I'd like to preface this post by noting that we live in a nice, modest neighborhood. The neighborhood consists of families with small children or retired couples. We have felt very safe and secure living here. However, we have recently smelled fumes indicative of a meth lab. Meth lab fumes can be detected almost a mile from the source, so pinpointing the house is extremely difficult. Anyway, we have families joined together to report the odors to the police (so they can hopefully find the source). Hopefully, they find the meth lab soon because I'm concerned about my family's health.

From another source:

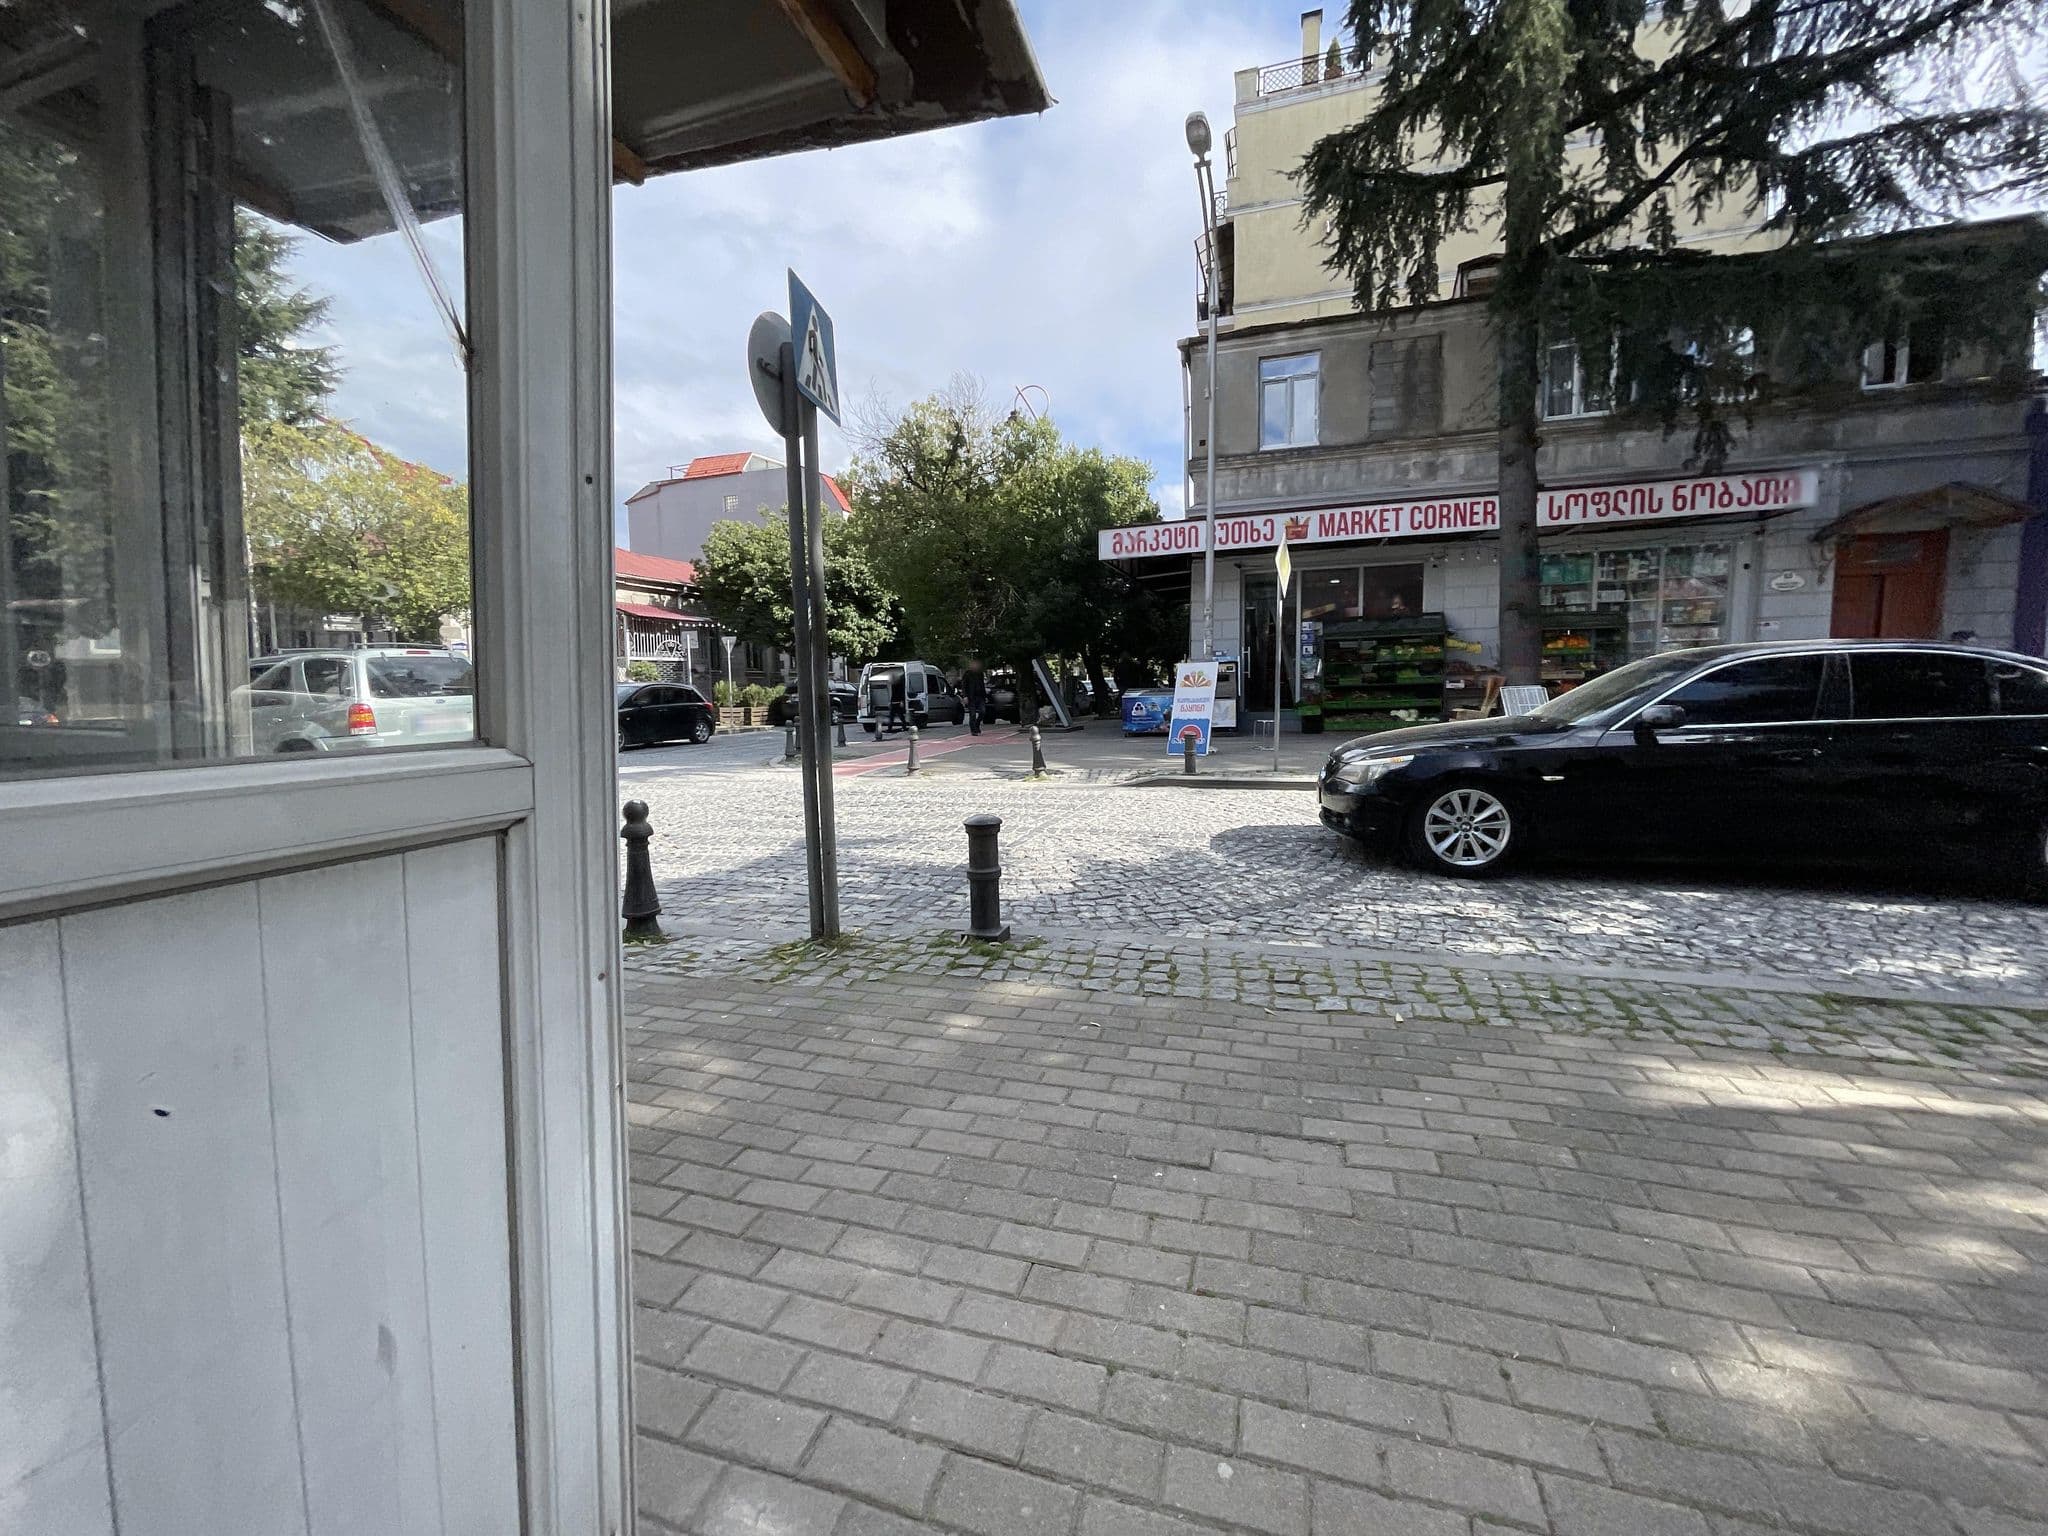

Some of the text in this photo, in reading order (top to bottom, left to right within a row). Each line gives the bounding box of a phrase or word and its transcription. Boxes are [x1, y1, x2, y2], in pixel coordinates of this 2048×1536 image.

[1318, 500, 1496, 538] MARKET CORNER
[1548, 487, 1663, 521] სოფლის
[1112, 525, 1199, 555] მარკეტი

We smell the fumes once or twice a week. On these evenings, my DD has a hard time sleeping. We assumed the sleep difficulty was from a healing ear infection, but I'm not so sure now. On the days following the nights we smell the fumes, I feel awful. I have a scratchy throat, itchy eyes, and an incredible headache. I don't want to expose my infant to these toxins. My dog (who is sensitive to everything) has hives after these nights. This cannot be safe. What do I do? It doesn't seem plausible to uproot the family at midnight to hide out in a hotel (but maybe that's what we should do?). We have the windows open to keep the house cool. I can't imagine buttoning up the house. Any suggestions? Does anyone know what the long-term effects of inhalation are?


----------



## thepeach80 (Mar 16, 2004)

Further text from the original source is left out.